This article is in response to a call by Pixel for applicants to review their new Pixel Mago Speedlite.
Unlike some other reviewers of this speedlite, I do not use speedlites to their complete capability; I do not ‘put them through their paces’ - so this review is a general review this speedlite as I would typically use it.
Here is what comes in the box:
• Pixel Mago Speedlite unit
• Flash stand
• Carrying case
• User manual
The Pixel Mago Speedlite
Out of the box you will notice that the Mago is a very large speedlite, larger even than the Canon 600EX or any of the third party speedlites I have, though it is built very well, including the battery door, which has been a particular weak point of third party speedlite manufacturers. The control buttons all have a good feel and are aptly responsive. I particularly like the dial/wheel for quickly making settings changes. The control menu is about equal with that of other third party manufacturers - they all are a little confusing and have a bit of a learning curve, but here is a quick hint: take some time to read the manual and figure out the menu before you take it on the job. Operation is pretty straight forward; only one button has two functions, for switching between normal and wireless. Other buttons function’s are displayed above them. Lastly there is the mandatory test button and a button to change to manual or TTL.
The speedlite zooms from 20-200mm and can be tilted 180° each side. I must say that I love the locking mechanism on the hot shoe; the slide-lock is much preferred over the screw/twist lock.

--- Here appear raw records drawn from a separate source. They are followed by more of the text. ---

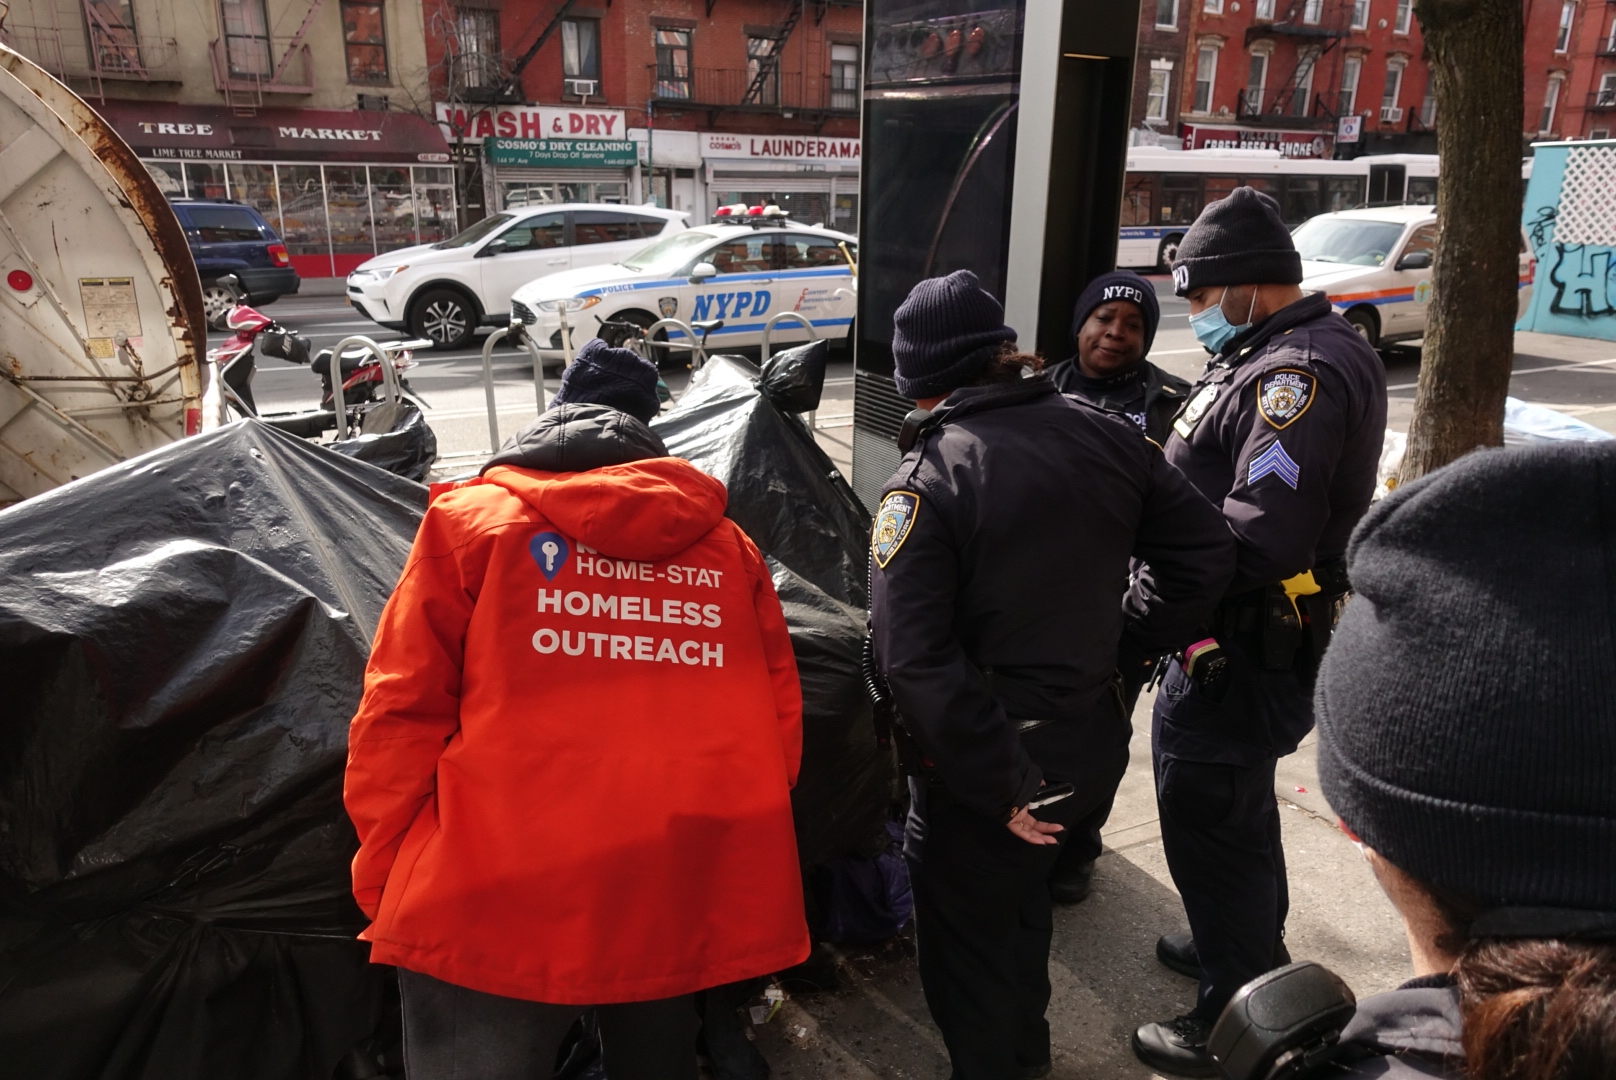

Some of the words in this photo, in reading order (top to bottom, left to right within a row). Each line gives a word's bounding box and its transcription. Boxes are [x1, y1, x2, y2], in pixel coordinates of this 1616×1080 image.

[138, 122, 213, 135] TREE
[278, 126, 382, 141] MARKET
[445, 109, 542, 139] WASH
[552, 117, 563, 133] &
[569, 113, 617, 135] DRY
[1239, 131, 1283, 141] VILLAGE
[152, 148, 176, 158] LIME
[178, 149, 203, 158] TREE
[205, 149, 242, 159] MARKET
[496, 140, 546, 150] COSMO'S
[549, 142, 573, 151] DRY
[575, 142, 633, 151] CLEANING
[709, 141, 741, 150] COSMO'S
[751, 139, 860, 158] LAUNDERAMA
[1279, 142, 1312, 156] SMOKE
[535, 151, 551, 159] Days
[552, 151, 568, 159] Drop
[602, 284, 634, 293] POLICE
[1103, 286, 1142, 303] NYPD
[691, 290, 772, 322] NYPD
[1264, 380, 1308, 391] DEPARTMENT
[1275, 373, 1300, 381] POLICE
[1285, 407, 1297, 419] NEW
[1295, 393, 1308, 408] YORK
[897, 519, 911, 540] YORK
[576, 556, 723, 588] HOME-STAT
[537, 588, 722, 628] HOMELESS
[532, 628, 724, 668] OUTREACH
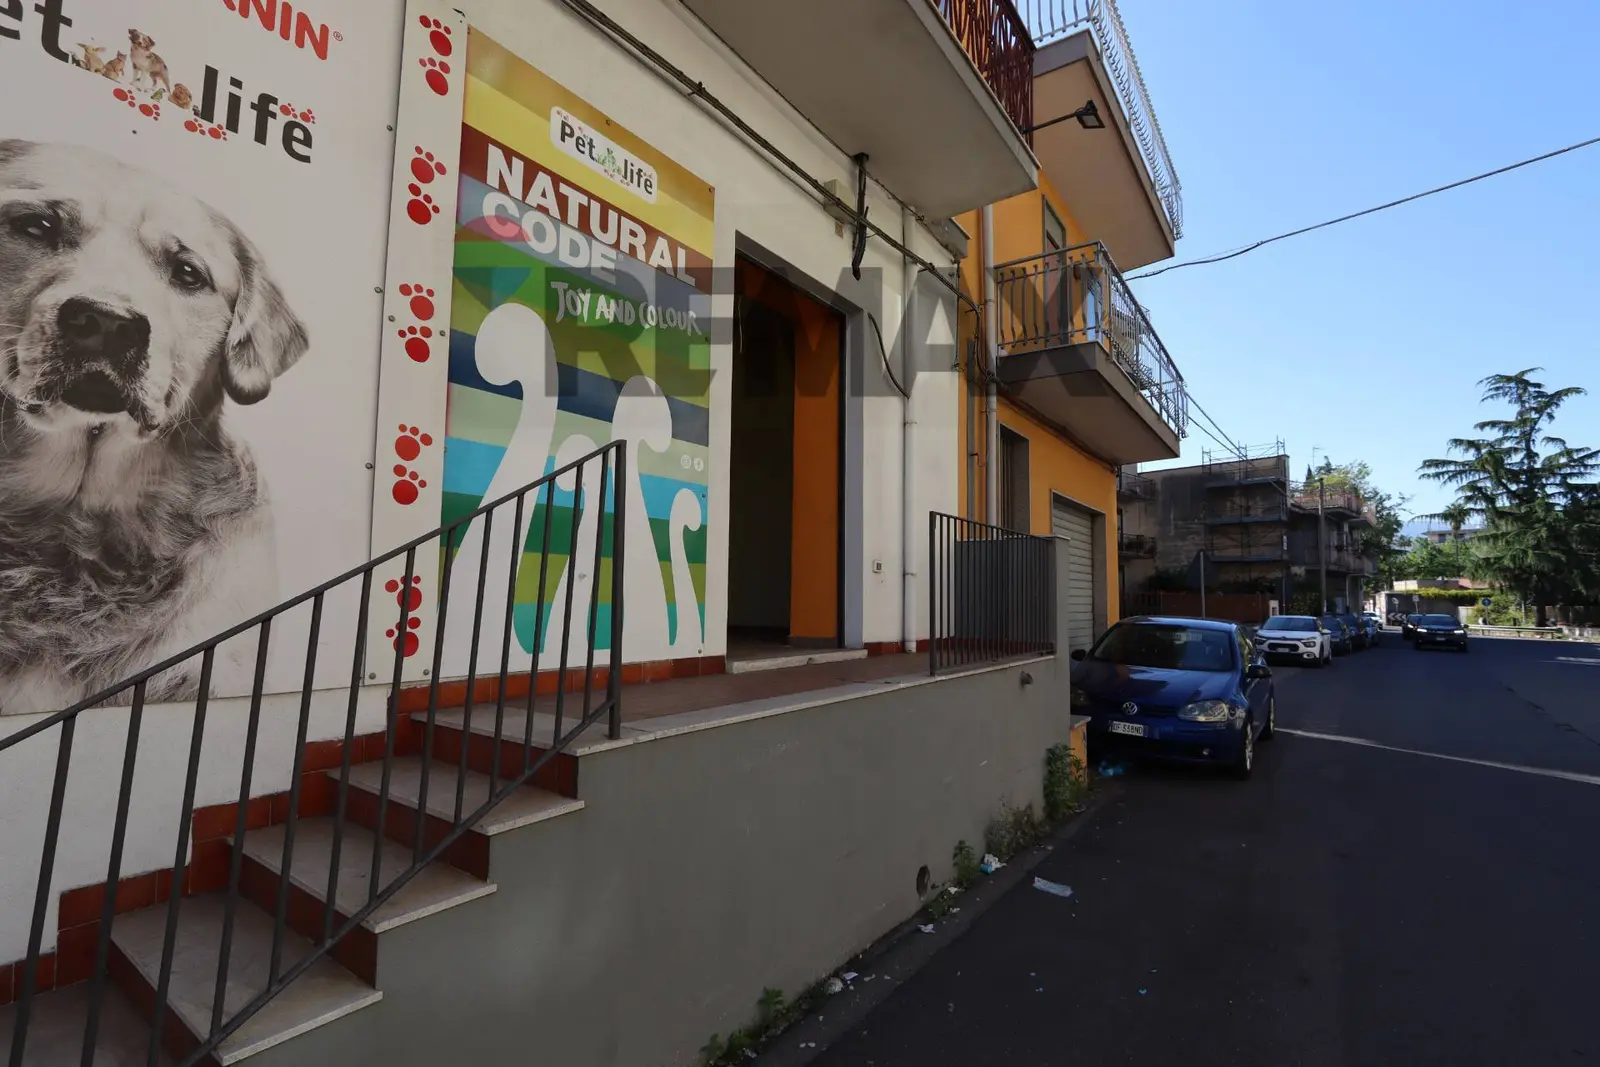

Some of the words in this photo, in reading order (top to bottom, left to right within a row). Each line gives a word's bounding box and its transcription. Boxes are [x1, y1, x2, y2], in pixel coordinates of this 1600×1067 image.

[200, 64, 313, 163] life
[560, 119, 596, 162] Pet
[621, 158, 654, 196] life
[482, 191, 617, 285] CODE
[486, 143, 696, 287] NATURAL
[550, 281, 591, 324] JOY
[595, 294, 636, 326] AND
[638, 301, 702, 337] COLOUR

Pixel purports a 65GN, and while I have not tested this, I will say, it is more powerful than any other speedlite I have worked with - so call it what you want, it’s stinkin’ powerful.

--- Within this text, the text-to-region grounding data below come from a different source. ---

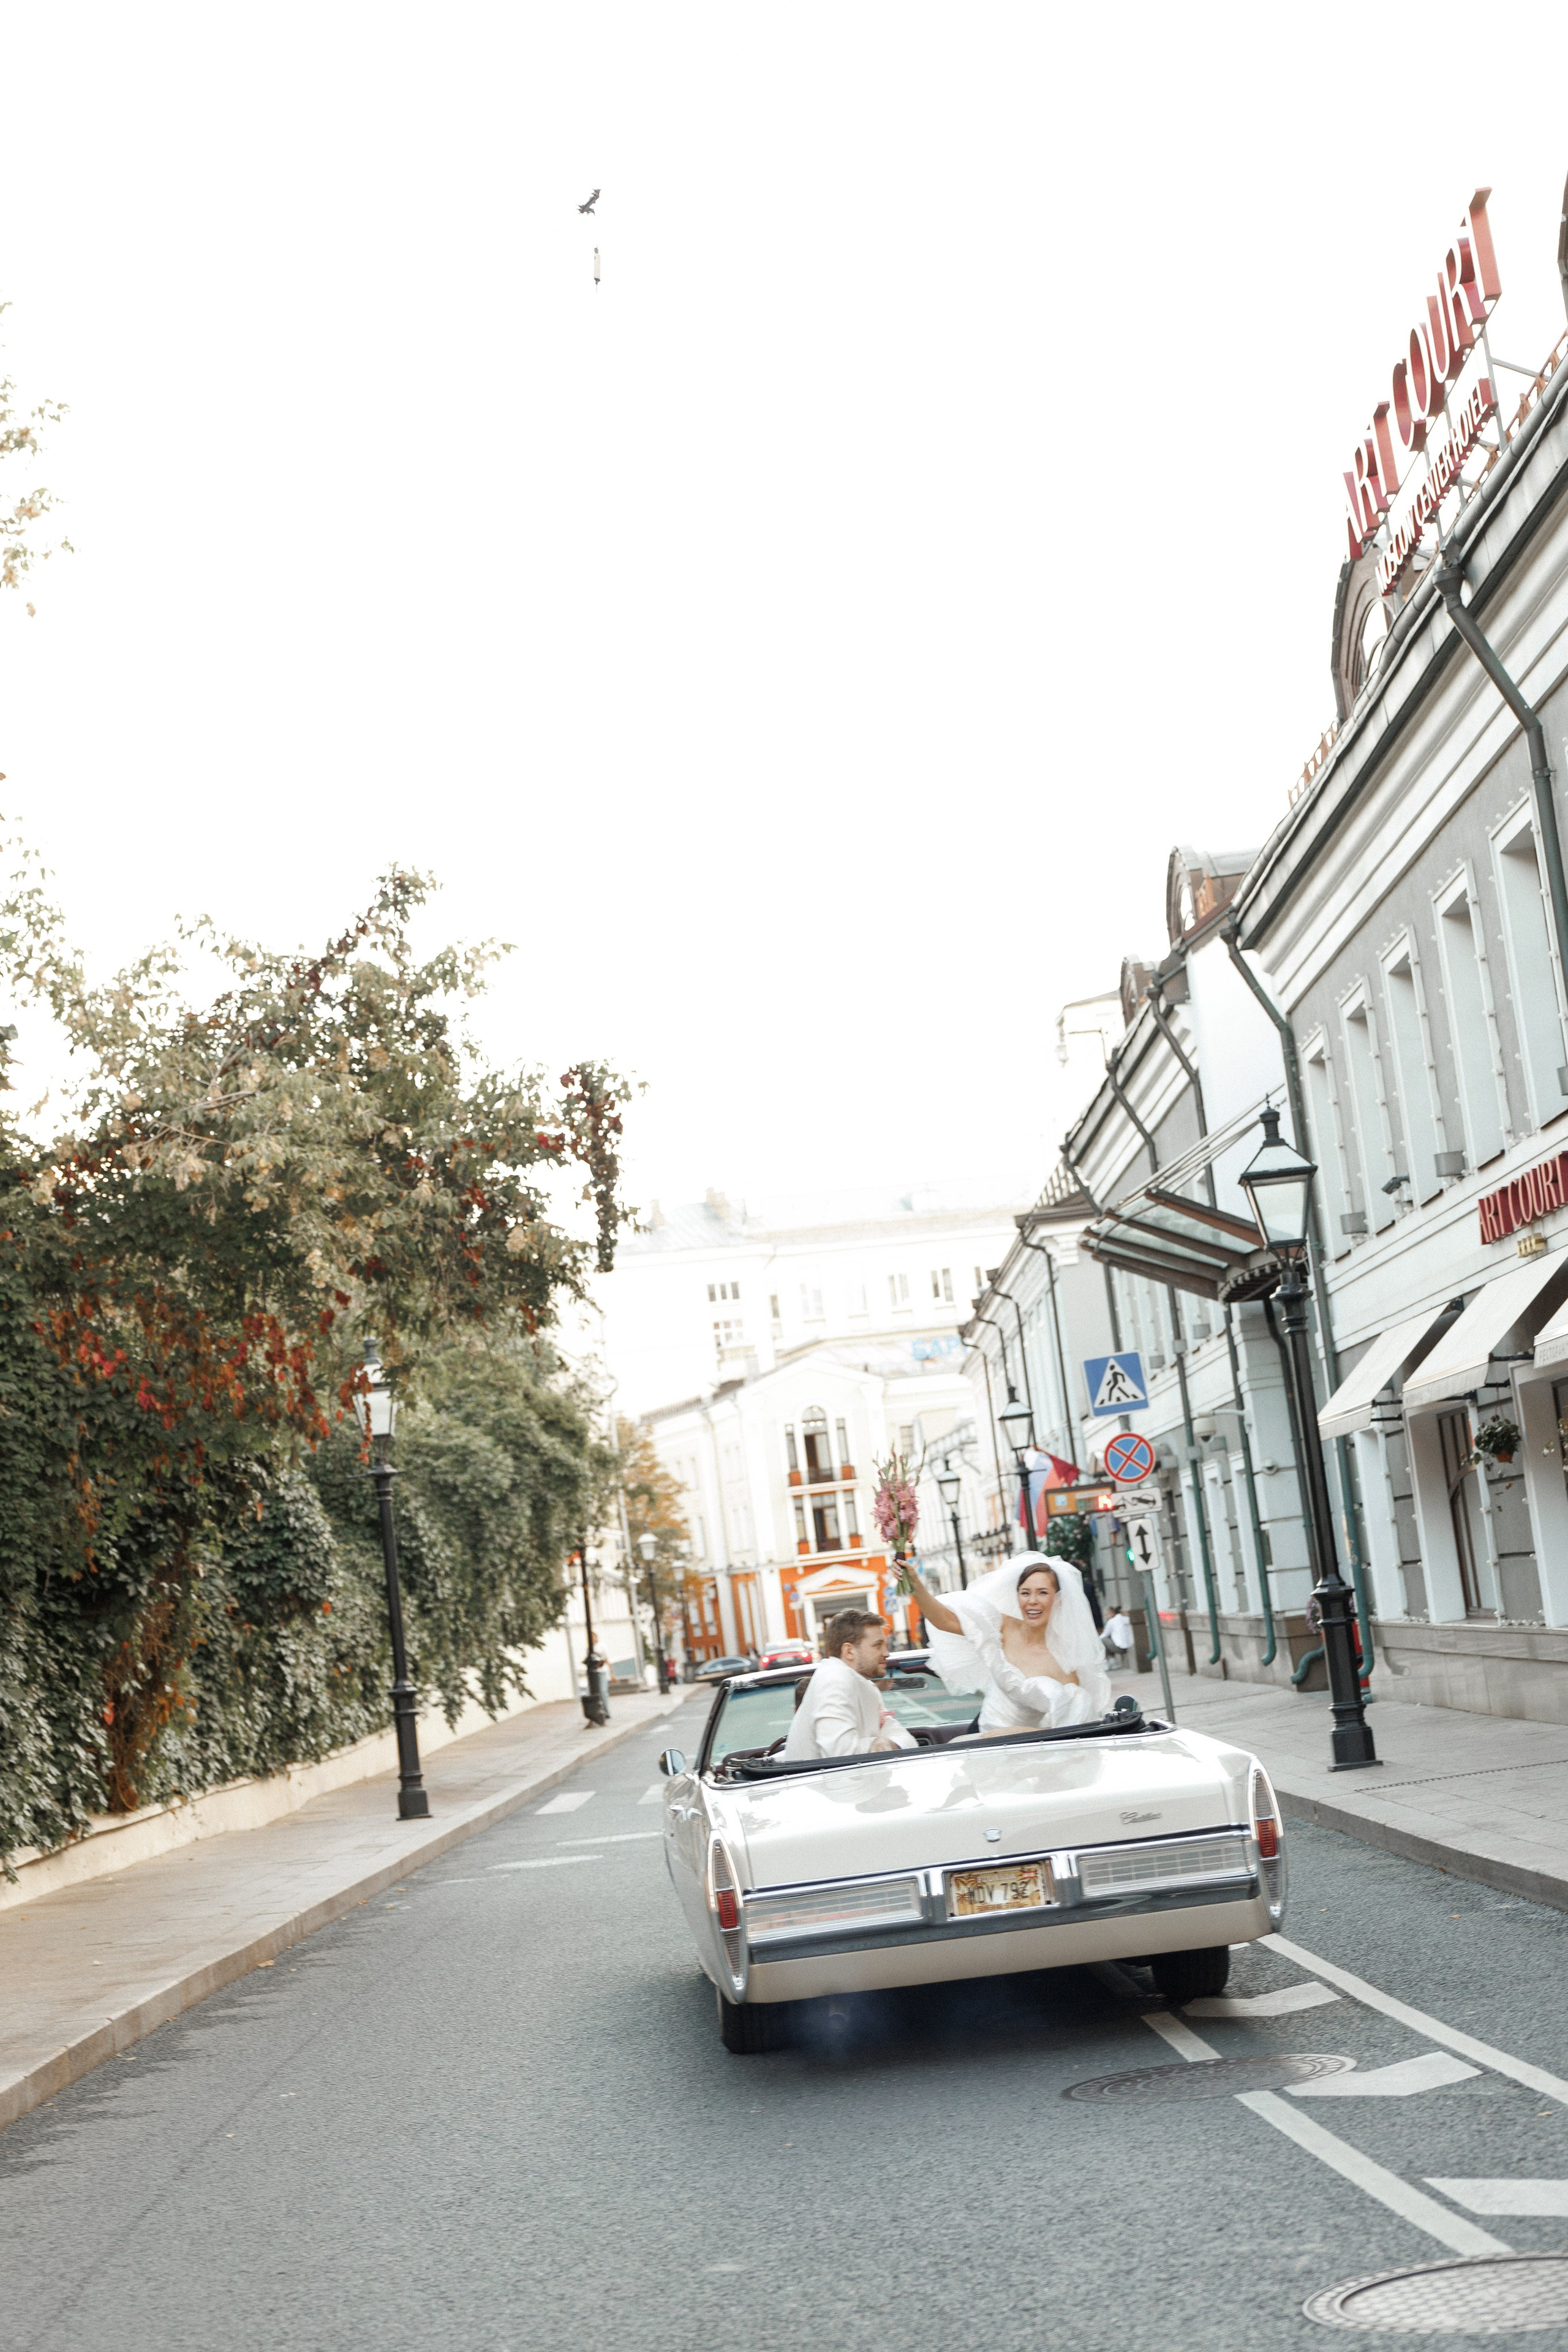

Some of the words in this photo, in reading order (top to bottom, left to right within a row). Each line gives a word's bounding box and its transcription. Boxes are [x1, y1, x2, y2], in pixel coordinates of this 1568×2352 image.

[1342, 401, 1401, 562] ART
[1393, 186, 1502, 452] COURT
[1375, 506, 1416, 596] MOSCOW
[1414, 442, 1456, 527] CENTER
[1450, 377, 1492, 463] HOTEL
[1479, 1187, 1513, 1245] ART
[1508, 1150, 1568, 1227] COURT
[911, 1336, 967, 1360] БАР

One feature that is new to me on a speedlite is the front LED. While at first I wondered what I would ever use it for, since I have found it quite useful as a fill (when not even using the flash), or to help provide some light to find focus in low-light conditions. It is definitely a nice asset to have on a speedlite.
I really do like this unit, and I see it being a strong contender for my main backup or even my main unit when I need the most power. That being said, since I use a Stofen OmiBounce almost every time I use a speedlite camera mounted, the flash diffuser that comes with the Mago is sub-par. It does not attach well to the unit and will fall off if even lightly brushed. I cannot see myself relying on it while on the job; I would probably just use one of my Stofens (if they fit).
Overall, I would say that this is a very usable, very affordable unit with a lot of power. While I haven’t fully tested out this speedlite, especially with regards to its TTL capability, I can say that I would have no problem confidently using this product day-to-day.